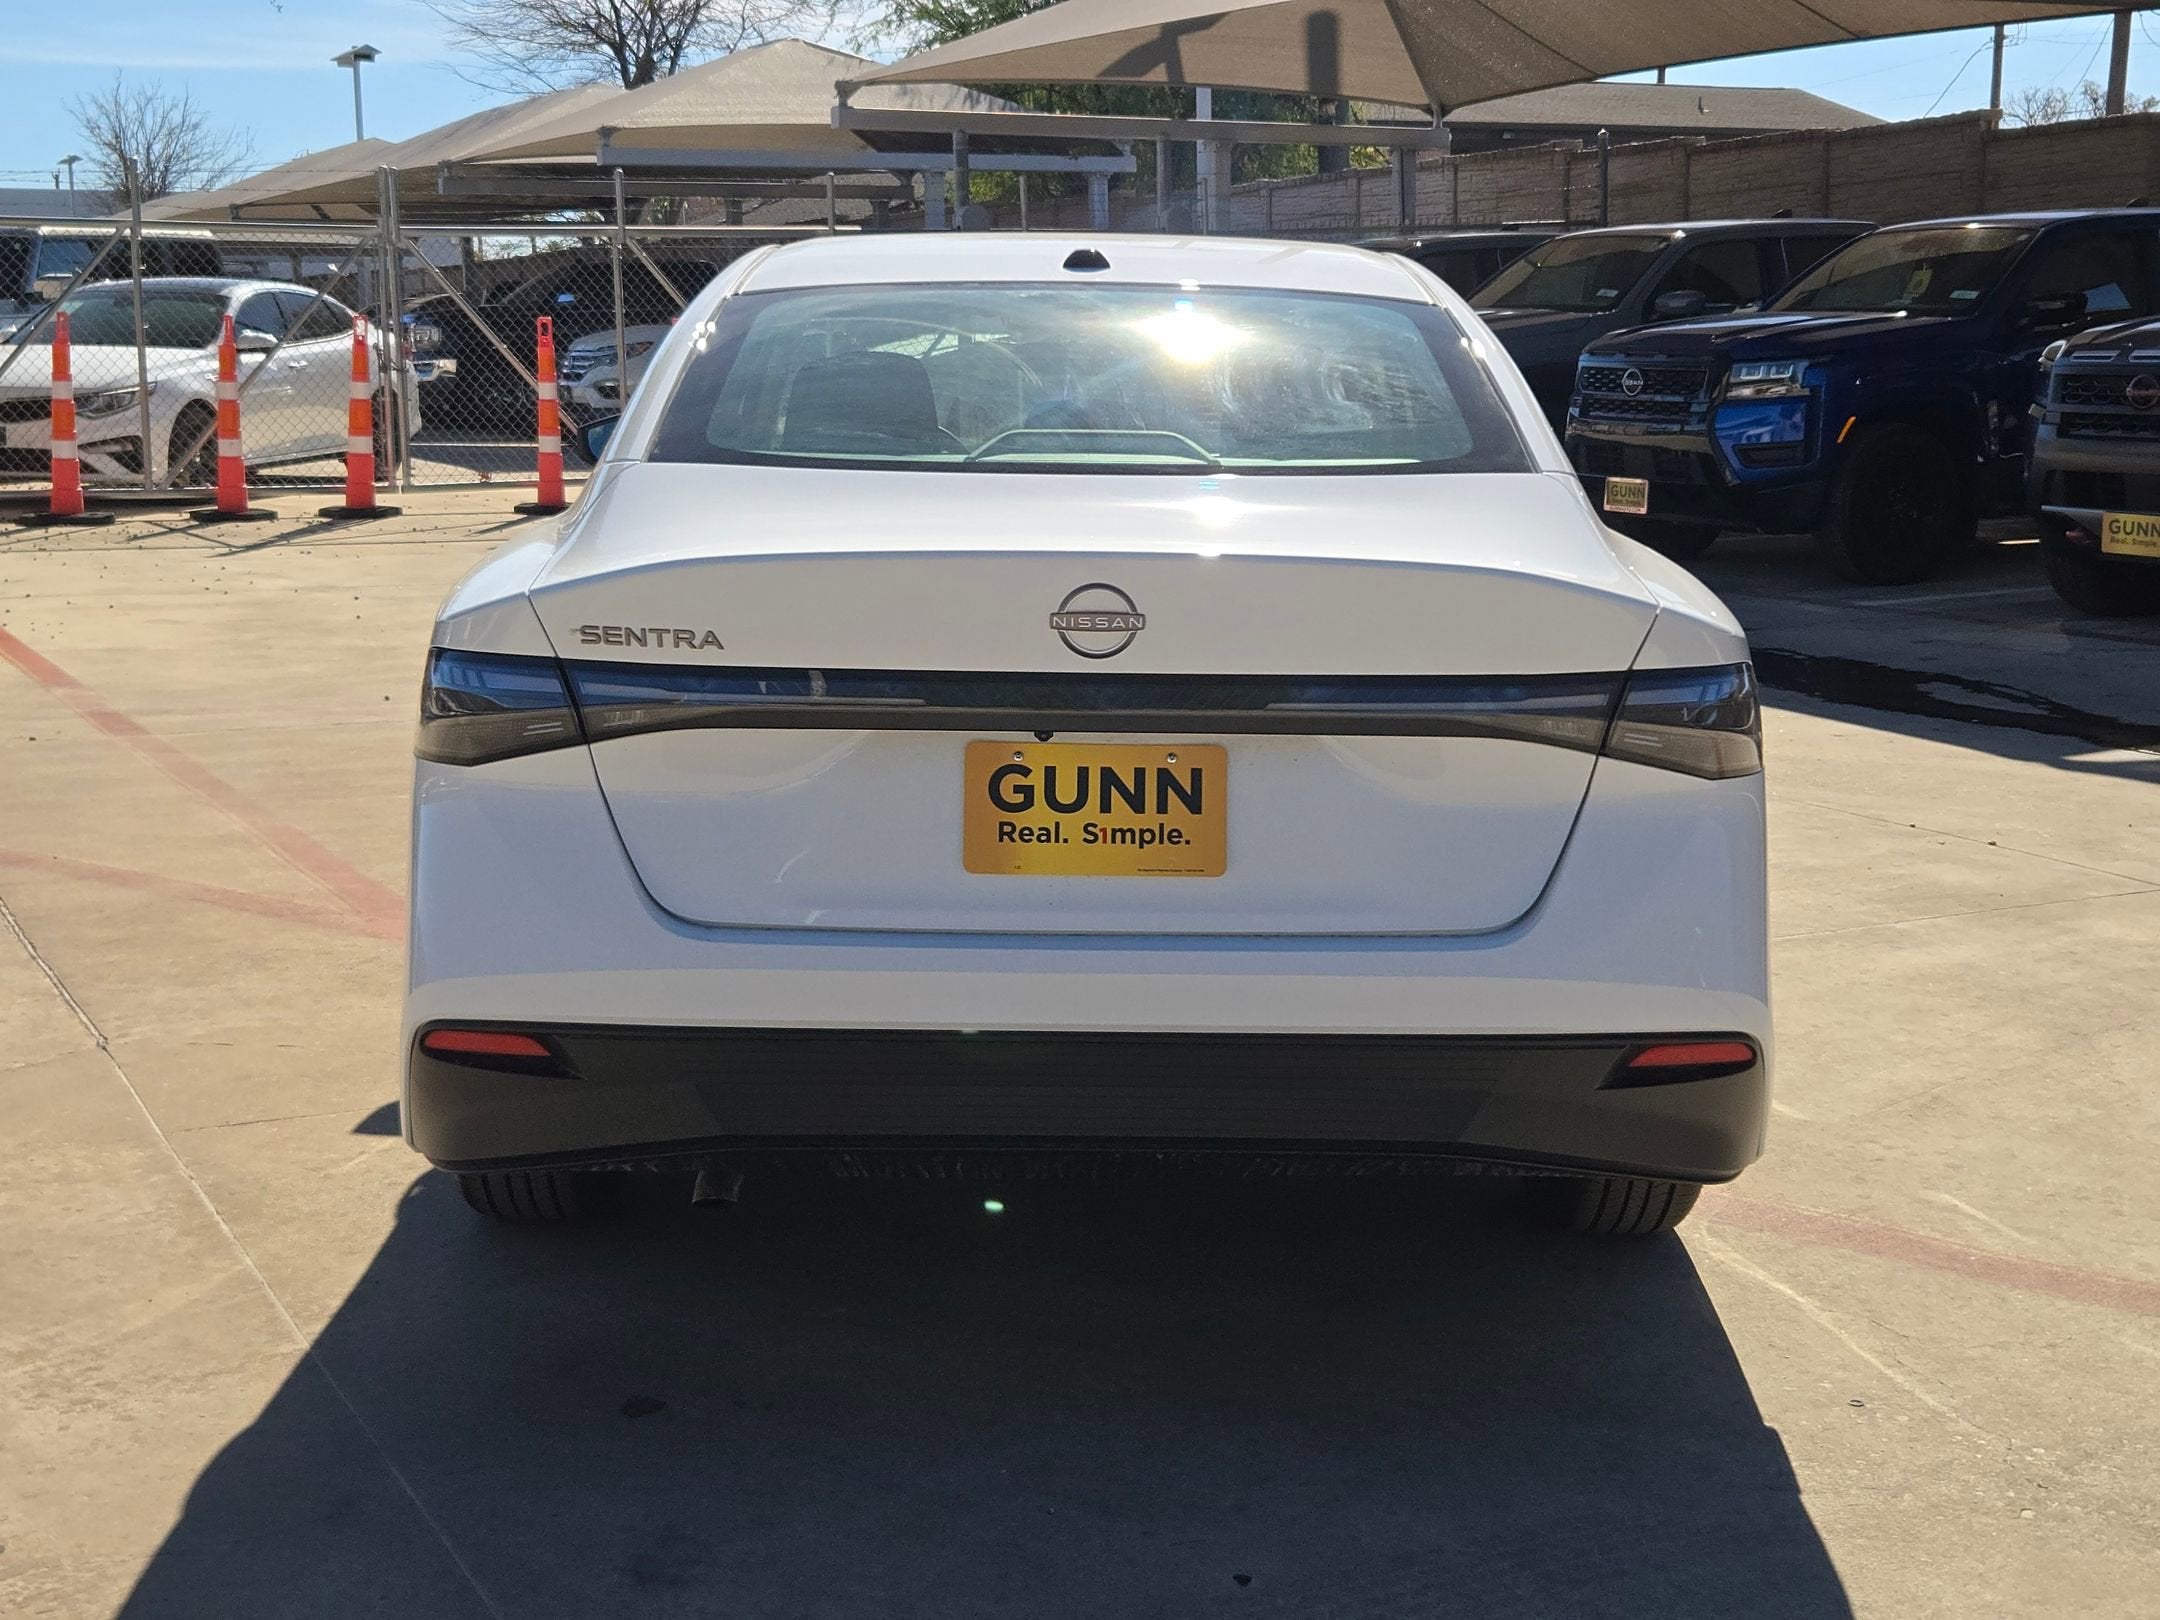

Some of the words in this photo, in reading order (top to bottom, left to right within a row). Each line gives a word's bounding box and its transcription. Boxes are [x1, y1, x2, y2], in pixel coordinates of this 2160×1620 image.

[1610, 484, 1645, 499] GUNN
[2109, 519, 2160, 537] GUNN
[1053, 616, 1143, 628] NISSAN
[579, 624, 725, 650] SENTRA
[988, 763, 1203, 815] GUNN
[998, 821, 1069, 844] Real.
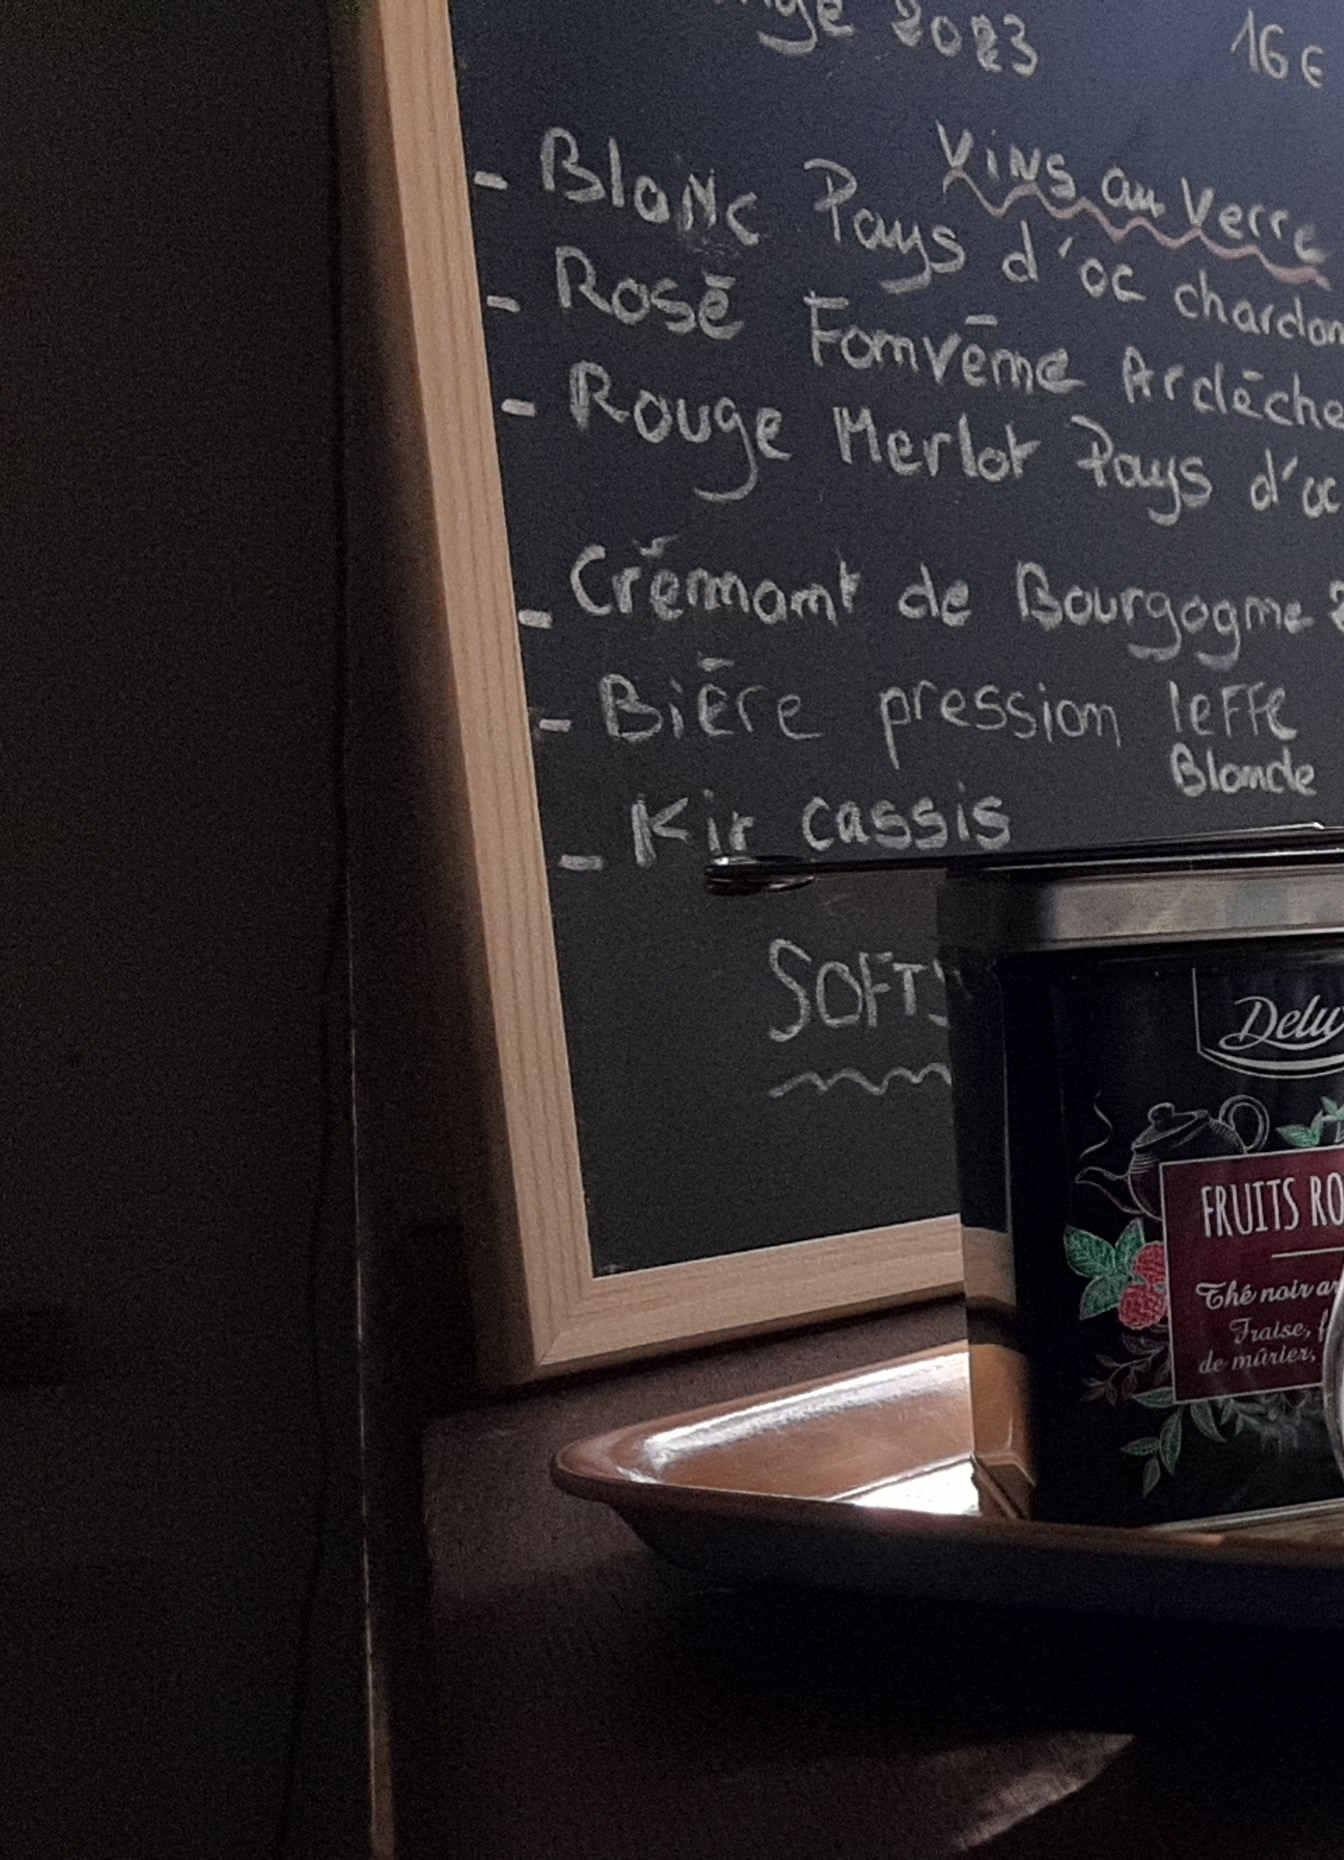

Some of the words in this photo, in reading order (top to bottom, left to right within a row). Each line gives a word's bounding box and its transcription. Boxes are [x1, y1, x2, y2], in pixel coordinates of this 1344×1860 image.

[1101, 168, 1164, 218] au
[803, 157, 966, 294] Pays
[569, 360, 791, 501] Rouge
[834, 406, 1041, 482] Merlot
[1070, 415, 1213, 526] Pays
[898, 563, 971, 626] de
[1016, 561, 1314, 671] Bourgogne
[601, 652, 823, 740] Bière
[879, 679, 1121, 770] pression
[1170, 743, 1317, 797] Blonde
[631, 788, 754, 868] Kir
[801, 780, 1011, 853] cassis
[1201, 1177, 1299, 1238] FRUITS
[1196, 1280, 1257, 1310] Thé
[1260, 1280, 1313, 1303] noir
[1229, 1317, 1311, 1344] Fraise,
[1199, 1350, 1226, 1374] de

------------------------------------------------------------

* Your goal *
Go through the entries and retype them exactly, except for the images.

* Result below *
Some of the words in this photo, in reading order (top to bottom, left to right within a row). Each line gives a word's bounding box and its transcription. Boxes are [x1, y1, x2, y2], in pixel coordinates of this 2160×1620 image.

[1610, 484, 1645, 499] GUNN
[2109, 519, 2160, 537] GUNN
[1053, 616, 1143, 628] NISSAN
[579, 624, 725, 650] SENTRA
[988, 763, 1203, 815] GUNN
[998, 821, 1069, 844] Real.

Some of the words in this photo, in reading order (top to bottom, left to right within a row). Each line gives a word's bounding box and its transcription. Boxes are [x1, y1, x2, y2], in pixel coordinates of this 1344×1860 image.

[1101, 168, 1164, 218] au
[803, 157, 966, 294] Pays
[569, 360, 791, 501] Rouge
[834, 406, 1041, 482] Merlot
[1070, 415, 1213, 526] Pays
[898, 563, 971, 626] de
[1016, 561, 1314, 671] Bourgogne
[601, 652, 823, 740] Bière
[879, 679, 1121, 770] pression
[1170, 743, 1317, 797] Blonde
[631, 788, 754, 868] Kir
[801, 780, 1011, 853] cassis
[1201, 1177, 1299, 1238] FRUITS
[1196, 1280, 1257, 1310] Thé
[1260, 1280, 1313, 1303] noir
[1229, 1317, 1311, 1344] Fraise,
[1199, 1350, 1226, 1374] de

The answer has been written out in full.